- Exercise objective: When you restate the entries that follow, keep every word exactly and drop the pictures.

Phrase grounding data:
━━━━━━━━
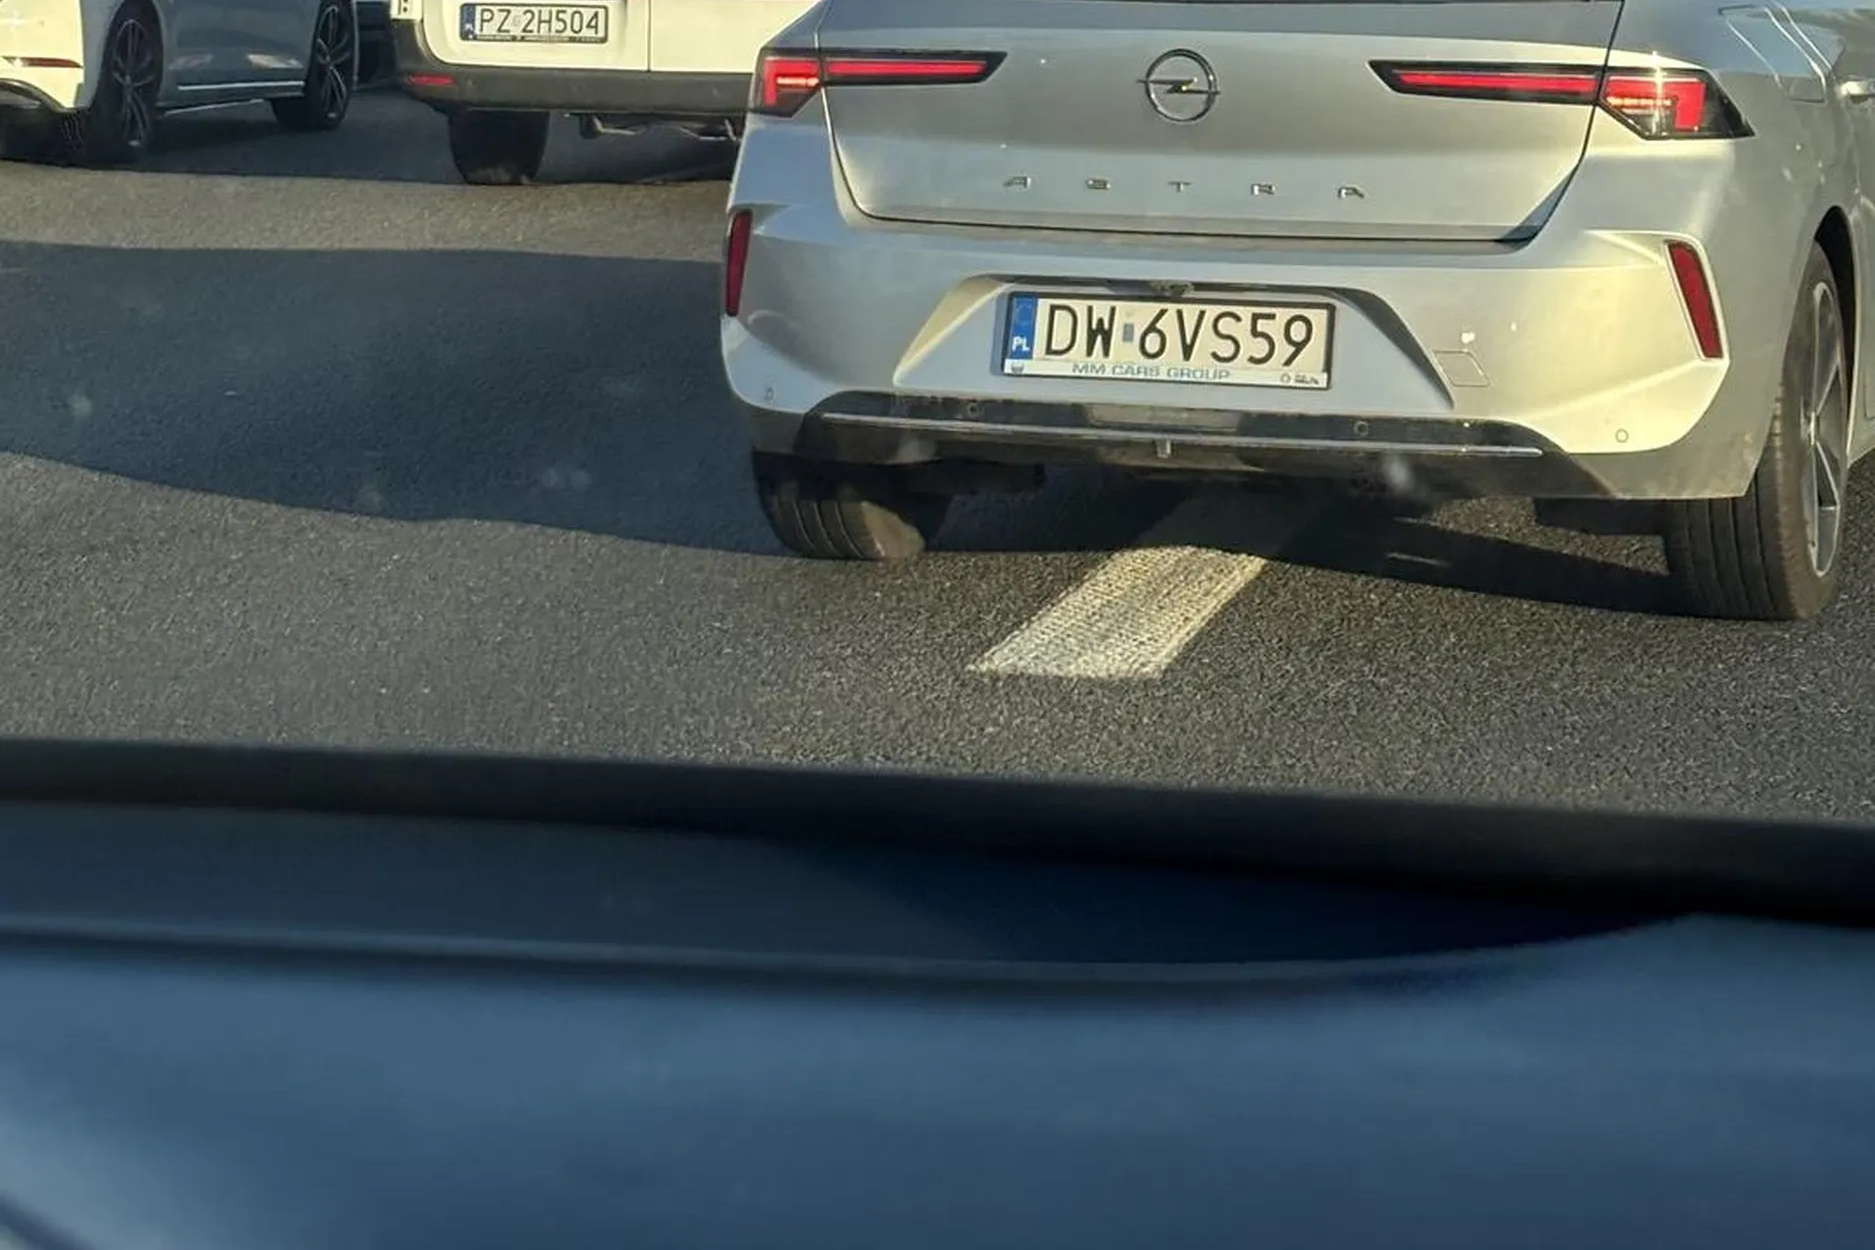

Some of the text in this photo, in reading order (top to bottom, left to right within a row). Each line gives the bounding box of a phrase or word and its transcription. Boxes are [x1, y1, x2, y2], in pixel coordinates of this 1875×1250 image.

[479, 8, 599, 35] PZ 2H504
[1003, 175, 1365, 199] ASTRA
[1012, 336, 1031, 352] PL
[1044, 303, 1314, 368] DW 6VS59
[1072, 363, 1106, 376] MM
[1166, 367, 1230, 382] GROUP
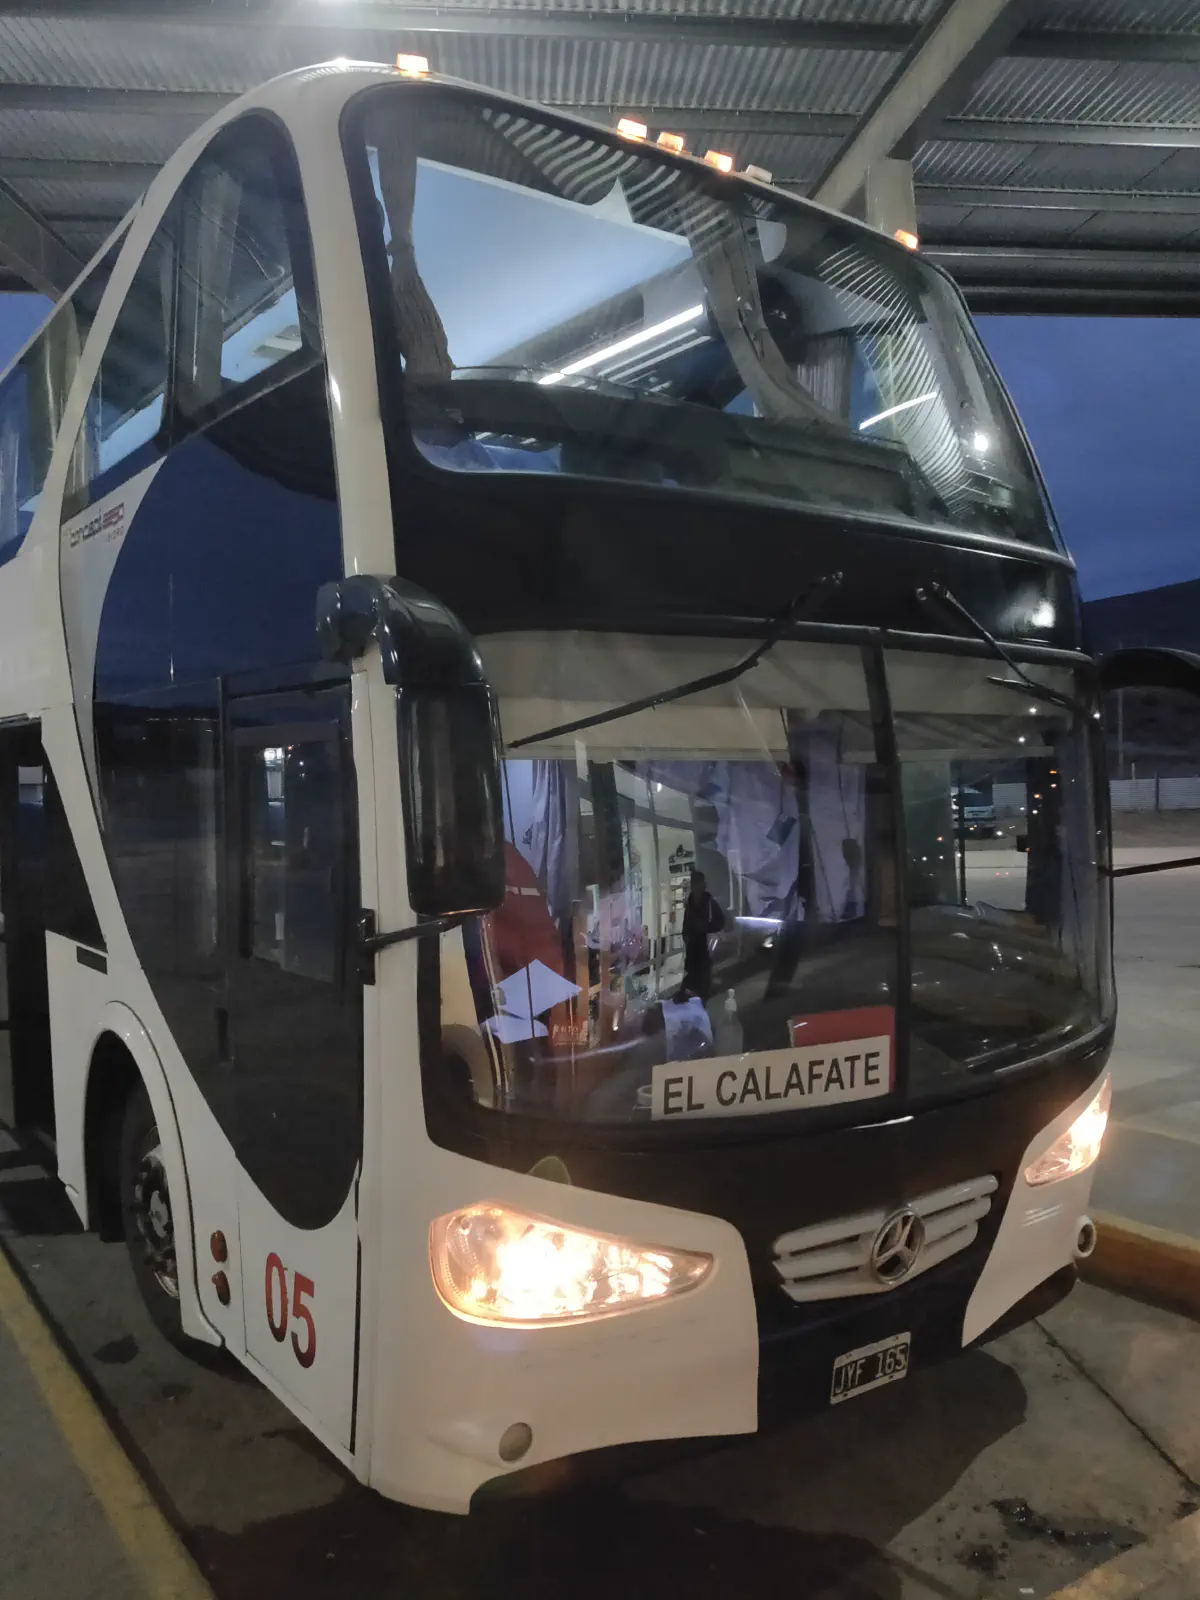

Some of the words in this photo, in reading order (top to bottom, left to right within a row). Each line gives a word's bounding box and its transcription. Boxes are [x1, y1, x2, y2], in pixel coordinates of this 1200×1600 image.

[664, 1076, 704, 1115] EL
[716, 1052, 880, 1106] CALAFATE
[265, 1252, 316, 1369] 05
[835, 1358, 866, 1393] JYF
[875, 1344, 906, 1378] 165
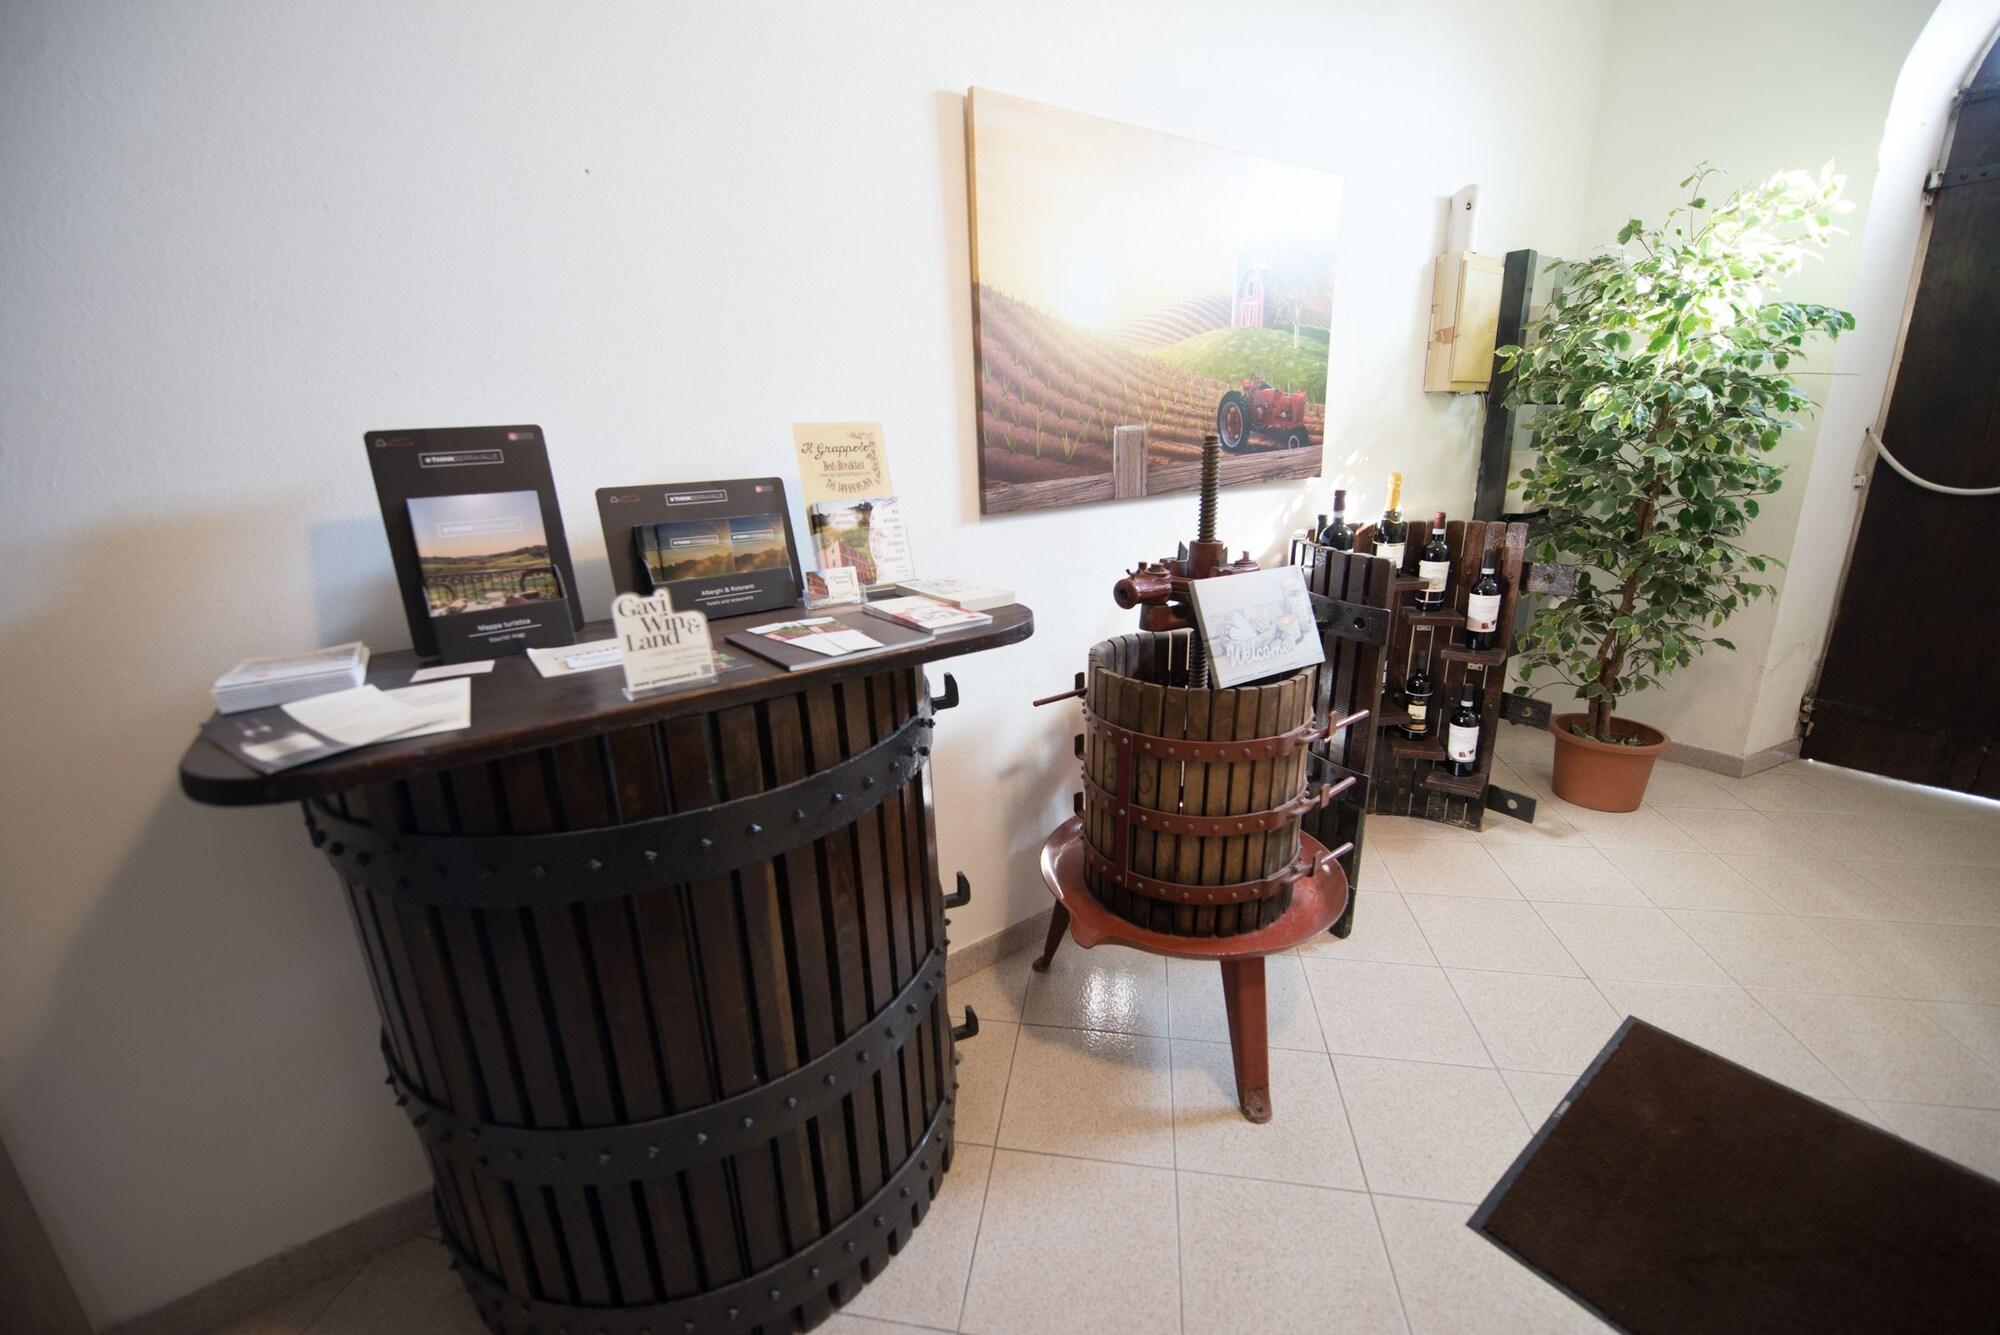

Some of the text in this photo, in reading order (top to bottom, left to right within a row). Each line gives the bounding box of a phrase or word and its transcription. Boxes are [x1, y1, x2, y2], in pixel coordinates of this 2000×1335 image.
━━━━━━━━
- Answer to this task:
Some of the text in this photo, in reading order (top to bottom, left to right within a row). Each line gives the bounding box of a phrase or word and its transcription. Boxes are [x1, y1, x2, y2], in pixel coordinates of this 1875×1250 image.

[479, 8, 599, 35] PZ 2H504
[1003, 175, 1365, 199] ASTRA
[1012, 336, 1031, 352] PL
[1044, 303, 1314, 368] DW 6VS59
[1072, 363, 1106, 376] MM
[1166, 367, 1230, 382] GROUP

Some of the words in this photo, in reading order (top to bottom, left to right within a row). Each line gives a word's bounding box and its transcription. Boxes are [x1, y1, x2, y2], in pixel coordinates of this 1200×1600 image.

[664, 1076, 704, 1115] EL
[716, 1052, 880, 1106] CALAFATE
[265, 1252, 316, 1369] 05
[835, 1358, 866, 1393] JYF
[875, 1344, 906, 1378] 165

Some of the text in this photo, in reading order (top to bottom, left to right within a row). Each line gives the bounding box of a phrase or word and its transcription. Boxes are [x1, y1, x2, y2], in pixel coordinates of this 2000×1335 image.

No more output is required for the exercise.